Erland menciumiku dan deru napasnya mulai cepat merambat ke telingaku. Kusentak lengannya yang melingkar di pinggang dan berusaha melepaskan diri. Lelaki itu menghentikan aktivitasnya, sorot matanya yang sendu menyapu wajahku.

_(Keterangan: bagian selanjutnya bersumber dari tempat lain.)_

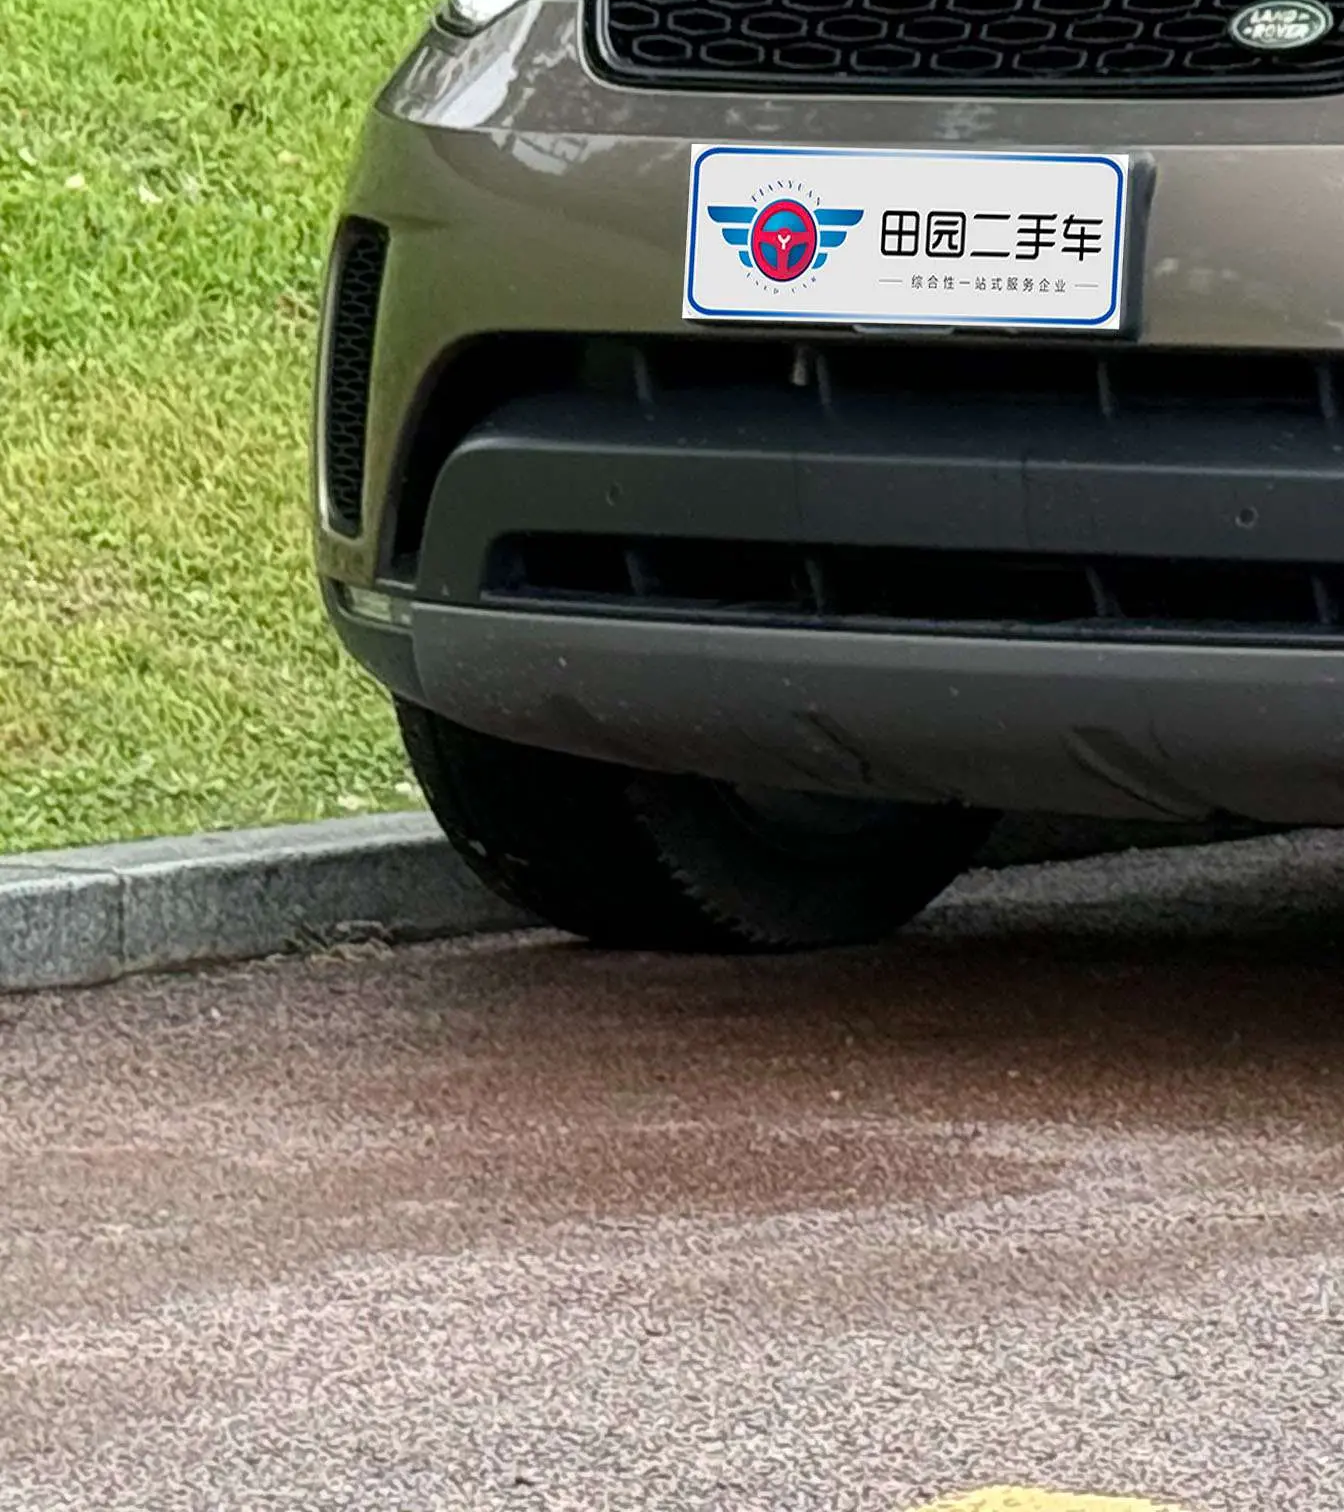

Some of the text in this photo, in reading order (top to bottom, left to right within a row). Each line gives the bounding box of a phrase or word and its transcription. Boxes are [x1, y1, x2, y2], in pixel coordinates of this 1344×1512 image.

[881, 209, 1104, 262] 田园二手车
[910, 273, 1067, 293] 综合性一站式服务企业
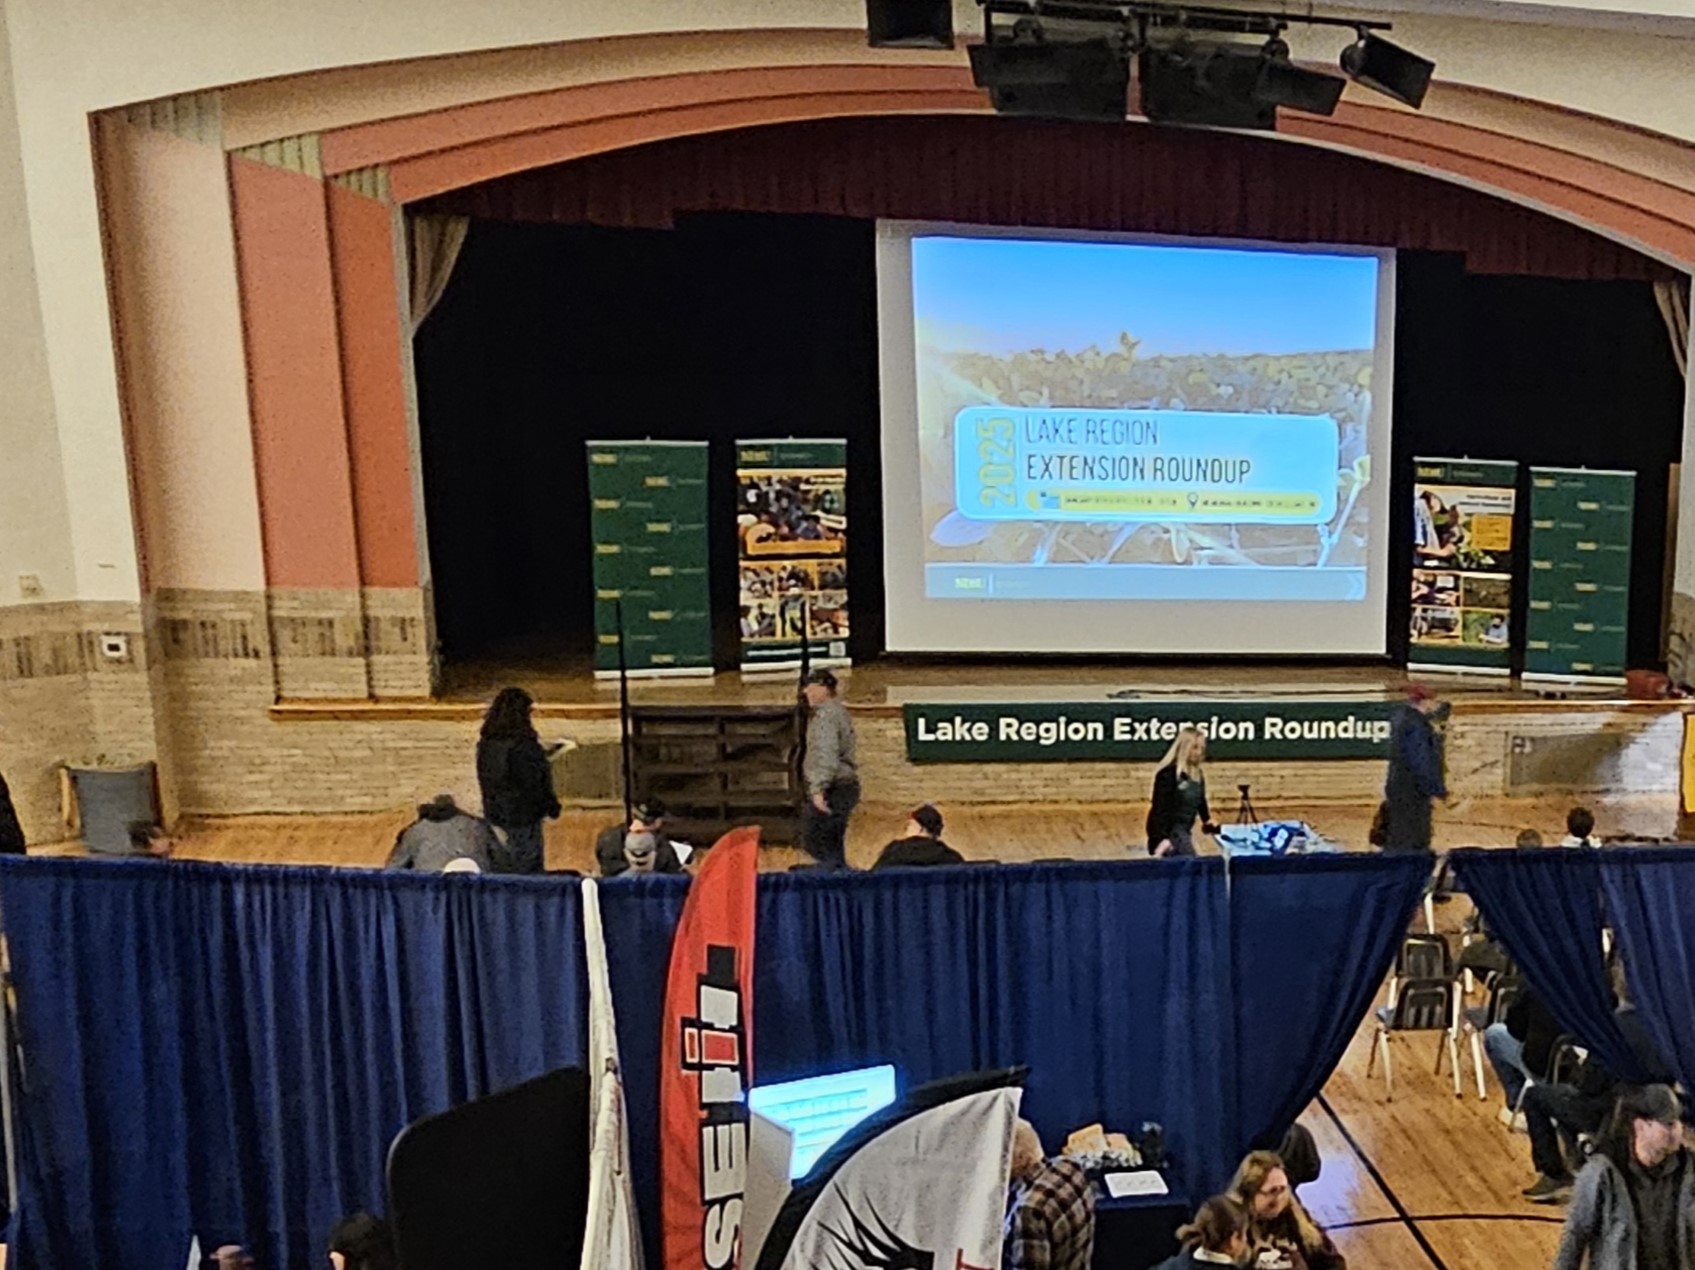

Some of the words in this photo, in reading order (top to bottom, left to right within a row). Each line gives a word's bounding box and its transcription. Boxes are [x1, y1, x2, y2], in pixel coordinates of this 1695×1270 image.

[1025, 415, 1078, 446] LAKE
[1086, 418, 1159, 447] REGION
[976, 416, 1017, 508] 2025
[1026, 454, 1146, 482] EXTENSION
[1153, 456, 1252, 485] ROUNDUP
[917, 717, 990, 742] Lake
[999, 717, 1104, 745] Region
[1113, 716, 1255, 742] Extension
[1264, 715, 1391, 744] Roundup

Kugeser tubuh berbaring setengah menyandar pada bantal yang kuletakkan di belakang punggung, semacam aksi waspada menghadapi serangannya. Erland tak bicara tapi malah merangkak dan kini membaringkan kepala di pahaku.

“Ini gerah, Er….” Suaraku mewakili kecamuk di hati.

“Gerah lagi? Sedari tadi kupeluk di bawah selimut, gerah juga?” sorot matanya mencari ke sepasang iris mataku. Aku menghindari dan menautkan pandangan ke jarum jam dinding. Pukul. 03.10 Waktu Indonesia.

“Jam berapa kamu pulang?” pertanyaanku sekedar mengganti topik. Hufffhh. Jam segini bukannya kerja hormon testoteron sedang maksimal memicu hasrat kaum Adam?

Erland tak menjawab, lengannya dalam sekali hentak membawa tubuhku kembali ke posisi berbaring dan kedua lengan yang melingkar di antara pinggang dan bawah payudaramembuatku terbeliak.

“Stop Er,….Aku belum siap” cegahku ketika wajahnya mendekat lagi hendak mengikis jarak. Sirat kecewa tergambar di sepasang matanya, aku menunduk.

Tanpa bicara ditariknya selimut menutupi tubuh kami sebatas pinggang. Memposisikan tubuh berbaring telentang dan memejamkan mata, kulihat tarikan napasnya diatur sedemikian rupa.

Ada rasa tak nyaman menyusup ke relung hati. Tak mampu kuterjemahkan makna kalimat  ‘Tak Siap’yang kuucapkan, sementara sekarang ingatanku malah terperangkap pada  hangat dekapannya yang tanpa permisi beberapa jam tadi.